Image-backed grounding data
---+---

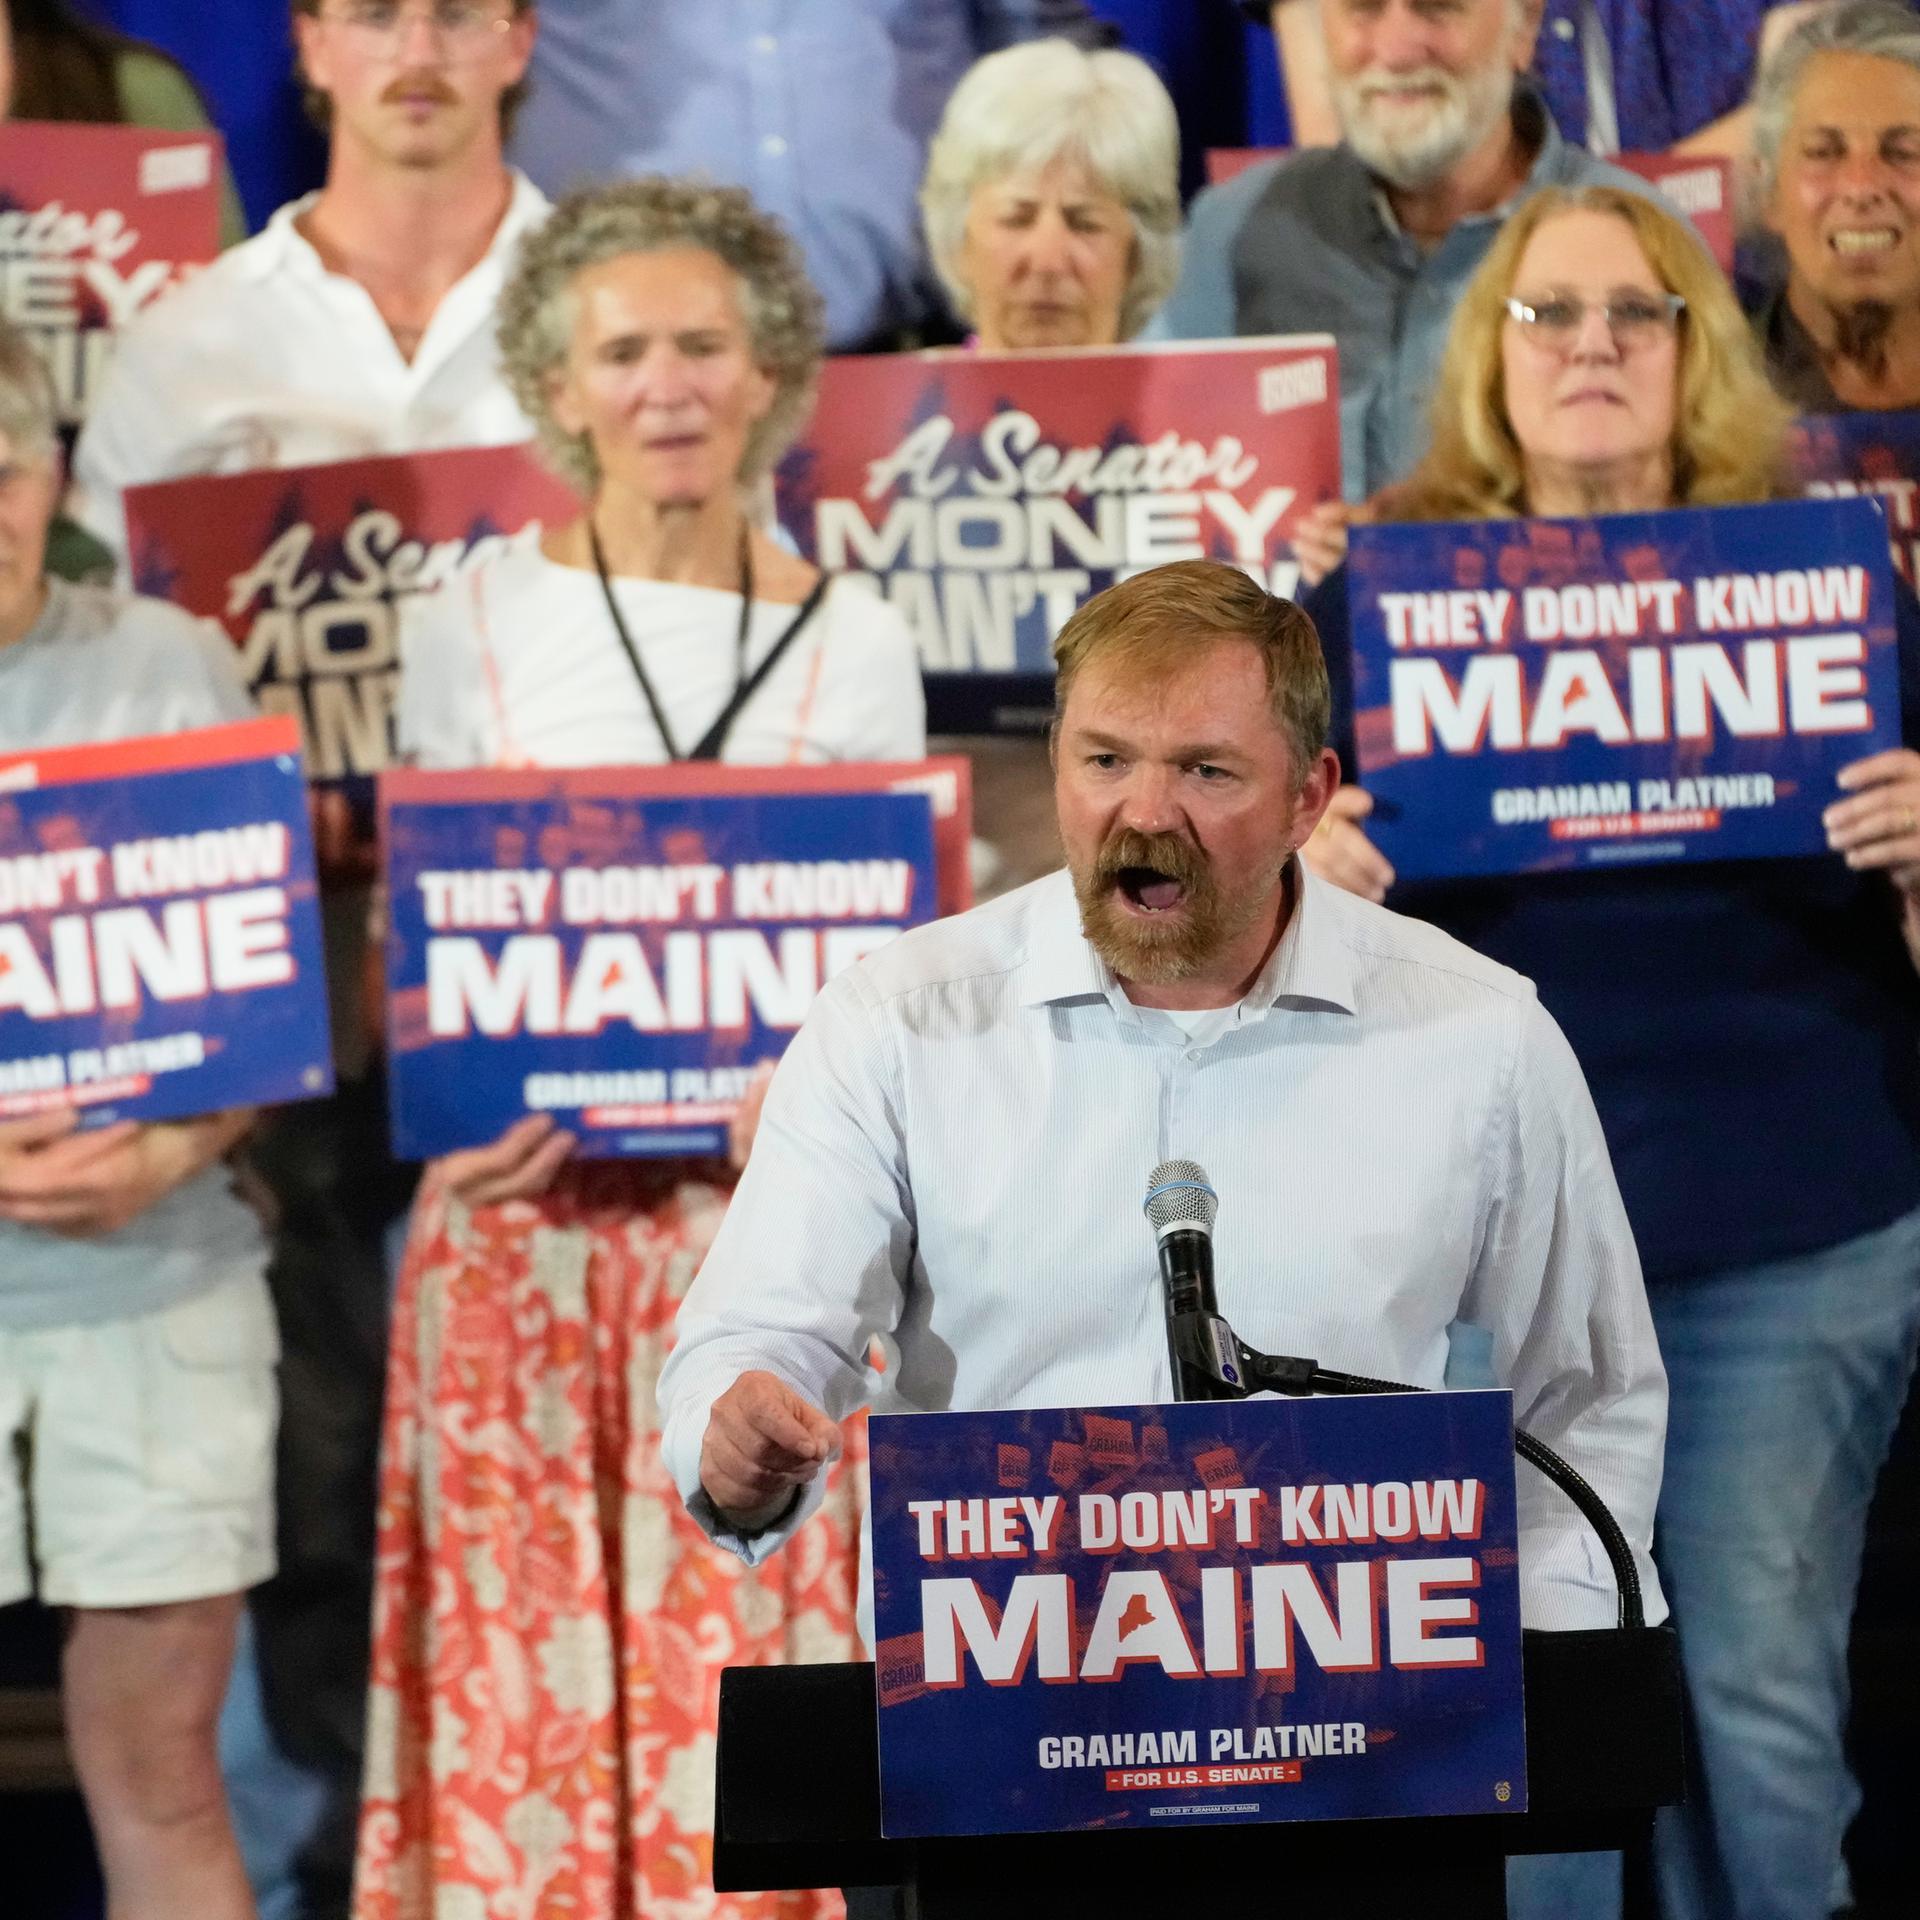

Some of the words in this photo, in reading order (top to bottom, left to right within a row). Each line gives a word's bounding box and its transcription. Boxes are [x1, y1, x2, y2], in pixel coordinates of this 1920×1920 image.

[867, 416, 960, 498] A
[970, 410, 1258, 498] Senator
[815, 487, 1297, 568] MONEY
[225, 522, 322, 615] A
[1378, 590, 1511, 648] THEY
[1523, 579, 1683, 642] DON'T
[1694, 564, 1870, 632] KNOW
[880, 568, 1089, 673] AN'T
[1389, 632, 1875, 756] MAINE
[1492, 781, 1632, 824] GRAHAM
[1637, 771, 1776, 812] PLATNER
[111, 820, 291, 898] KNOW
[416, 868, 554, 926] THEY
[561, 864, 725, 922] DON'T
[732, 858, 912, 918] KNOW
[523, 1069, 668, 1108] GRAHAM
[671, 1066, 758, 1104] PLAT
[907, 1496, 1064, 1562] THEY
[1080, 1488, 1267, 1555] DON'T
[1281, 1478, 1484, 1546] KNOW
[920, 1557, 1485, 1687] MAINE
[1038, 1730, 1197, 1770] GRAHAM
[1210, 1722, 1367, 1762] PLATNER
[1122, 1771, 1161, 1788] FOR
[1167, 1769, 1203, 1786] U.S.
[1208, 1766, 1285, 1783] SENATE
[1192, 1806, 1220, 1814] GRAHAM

---+---

■ **ASSIGNMENT**
The lines above must be transcribed exactly, with every picture left out.

■ **YOUR RESPONSE**
Some of the words in this photo, in reading order (top to bottom, left to right within a row). Each line gives a word's bounding box and its transcription. Boxes are [x1, y1, x2, y2], in pixel coordinates of this 1920×1920 image.

[867, 416, 960, 498] A
[970, 410, 1258, 498] Senator
[815, 487, 1297, 568] MONEY
[225, 522, 322, 615] A
[1378, 590, 1511, 648] THEY
[1523, 579, 1683, 642] DON'T
[1694, 564, 1870, 632] KNOW
[880, 568, 1089, 673] AN'T
[1389, 632, 1875, 756] MAINE
[1492, 781, 1632, 824] GRAHAM
[1637, 771, 1776, 812] PLATNER
[111, 820, 291, 898] KNOW
[416, 868, 554, 926] THEY
[561, 864, 725, 922] DON'T
[732, 858, 912, 918] KNOW
[523, 1069, 668, 1108] GRAHAM
[671, 1066, 758, 1104] PLAT
[907, 1496, 1064, 1562] THEY
[1080, 1488, 1267, 1555] DON'T
[1281, 1478, 1484, 1546] KNOW
[920, 1557, 1485, 1687] MAINE
[1038, 1730, 1197, 1770] GRAHAM
[1210, 1722, 1367, 1762] PLATNER
[1122, 1771, 1161, 1788] FOR
[1167, 1769, 1203, 1786] U.S.
[1208, 1766, 1285, 1783] SENATE
[1192, 1806, 1220, 1814] GRAHAM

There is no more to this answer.